I have tears rolling down my face, I'm so tired of crying. I'm so tired of feeling shitty and like I'm not enough. "I would have understood if you needed space, but you just disappeared. It was a shit thing to do."

Bucky takes my hand in his. Pulling me to a stop. "Charlie, I'm sorry. I'm so sorry. I should've told you what was going on. I should've texted you back. I should've called. I should've shown up. And I didn't. I swear I didn't mean to hurt you. Just don't give up on me yet, doll."

"Bucky, I have to think about it. I don't know if I'm... I don't know if I can. I don't want to be hurt anymore."

He walks me to my car. Still holding my hand. I can tell he's thinking carefully about what he wants to say next.

"Just listen, please. I am sorry. I hurt you and you didn't deserve that. I just want to make this right. I won't stop until you believe me."

"Goodnight, Bucky."

When I get home I take a hot shower. Washing off all the hurt I feel, standing under the water until my body is red from the heat. When I step out I hear my intercom ringing. I check the screen and see that it's him.

"Hello? Is anybody in there? Hellooo?"

"Yes, I can see you. I'm not letting you in."

"Oh, well I-I brought you dinner. Chinese, all your favorites. I know you didn't eat dinner yet.

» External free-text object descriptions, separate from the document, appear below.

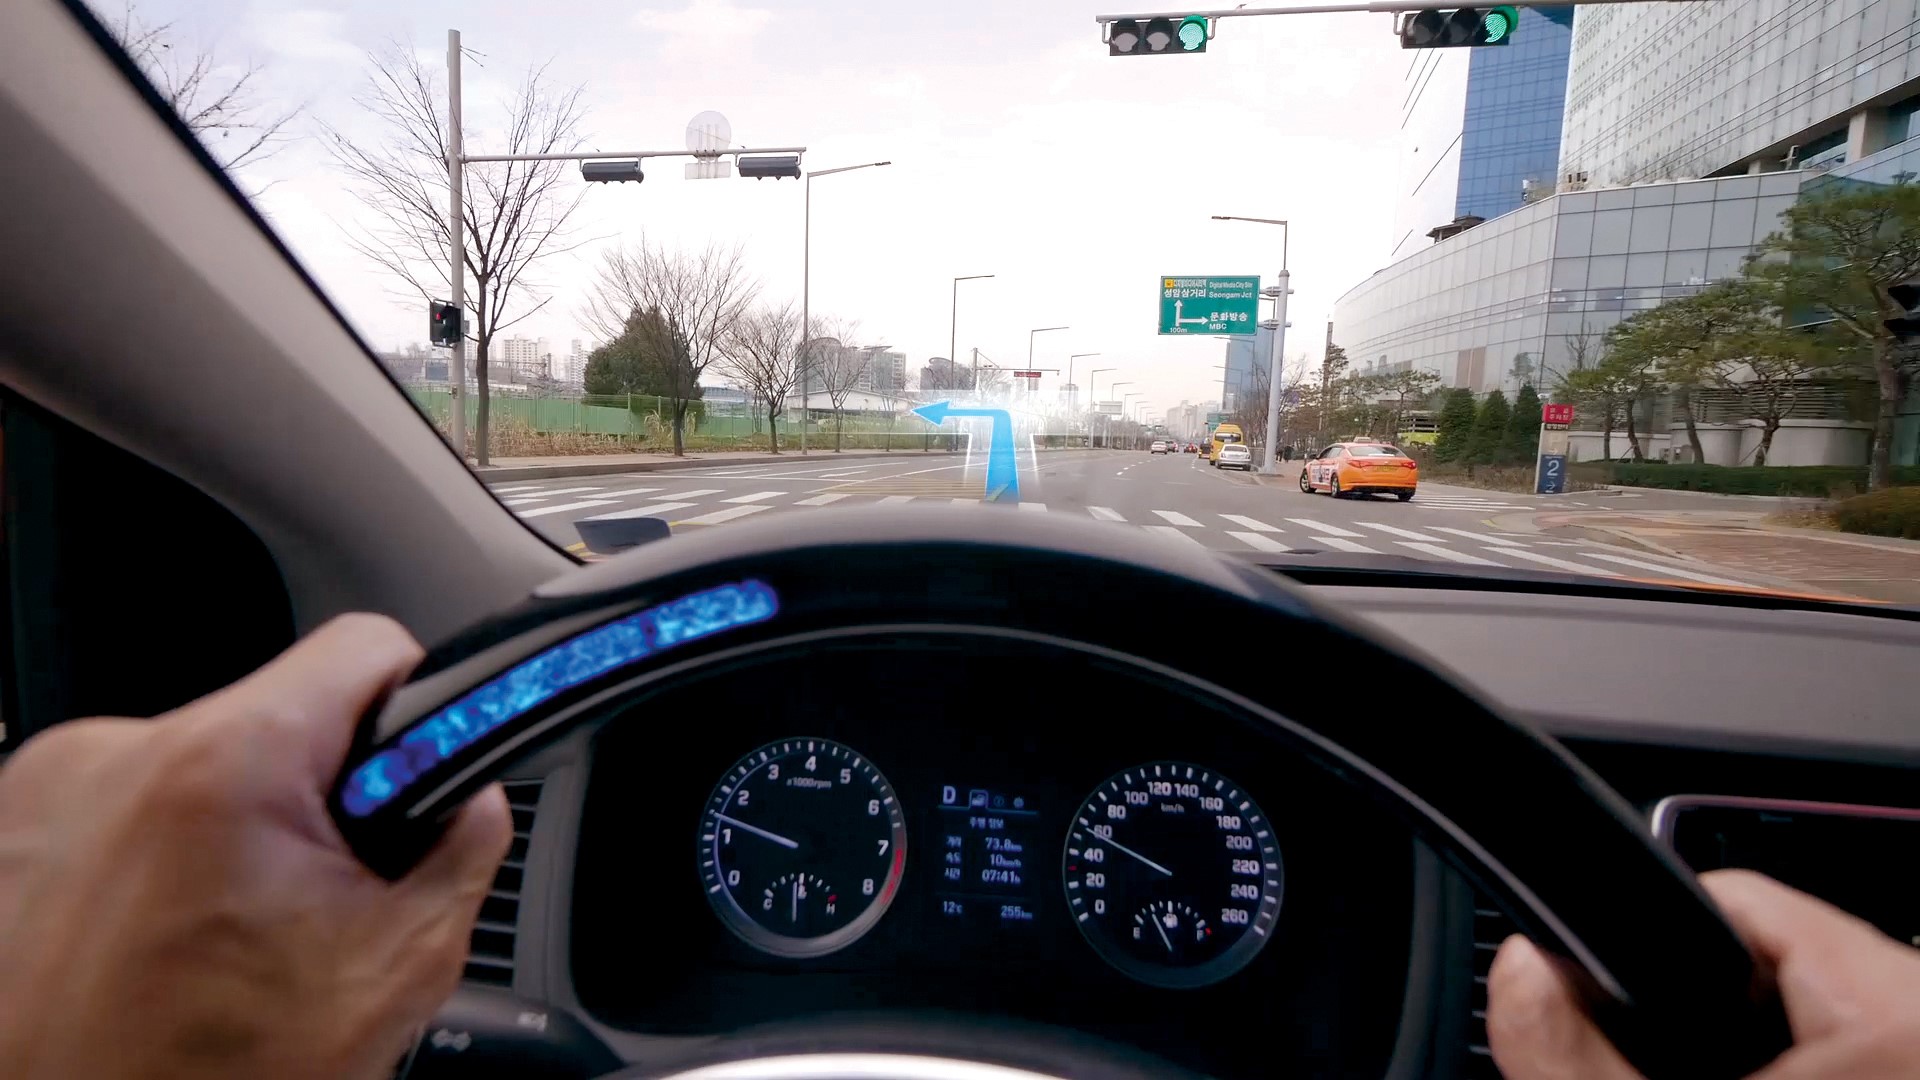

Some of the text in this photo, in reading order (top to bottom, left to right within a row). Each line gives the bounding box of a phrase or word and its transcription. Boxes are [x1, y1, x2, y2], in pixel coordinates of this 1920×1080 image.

[1164, 289, 1206, 298] 성암삼거리
[1210, 312, 1248, 322] 문화방송
[1547, 460, 1559, 476] 2
[805, 756, 816, 771] 4
[768, 764, 779, 780] 3
[840, 768, 851, 784] 5
[943, 785, 956, 804] D
[1147, 782, 1172, 796] 120
[1174, 783, 1199, 798] 140
[737, 790, 749, 805] 2
[1124, 790, 1148, 804] 100
[1199, 797, 1224, 811] 160
[868, 799, 879, 815] 6
[1108, 804, 1126, 819] 80
[1160, 802, 1184, 813] km/h
[1216, 815, 1241, 829] 180
[722, 828, 731, 844] 1
[1094, 825, 1112, 839] 60
[877, 840, 888, 856] 7
[1226, 835, 1252, 850] 200
[1084, 848, 1104, 863] 40
[1232, 859, 1260, 875] 220
[728, 870, 740, 886] 0
[1086, 872, 1105, 888] 20
[862, 879, 873, 895] 8
[1231, 884, 1258, 900] 240
[763, 898, 772, 910] C
[826, 903, 835, 915] H
[1095, 899, 1105, 914] 0
[1221, 908, 1248, 924] 260
[1133, 926, 1140, 939] E
[1197, 929, 1204, 941] F

Buzz me in, please?"

I let out a long sigh. Not sure if I have it in me to handle this situation. Against what my brain is telling me, I push the button. A minute later and he's at my door. The smell of food is too tempting once it's in range. And I let him in. We sit down to eat at my table. Not talking. I'm not even looking at him, but I can feel him looking at me.

"Can you please just get mad at me. Yell at me. Do something. Anything is better than this silence from you. We have to fight so I can apologize and tell you how stupid I am. And then I can fix things. You're not even doing that cute dance you do when you eat good food," Bucky is looking exasperated.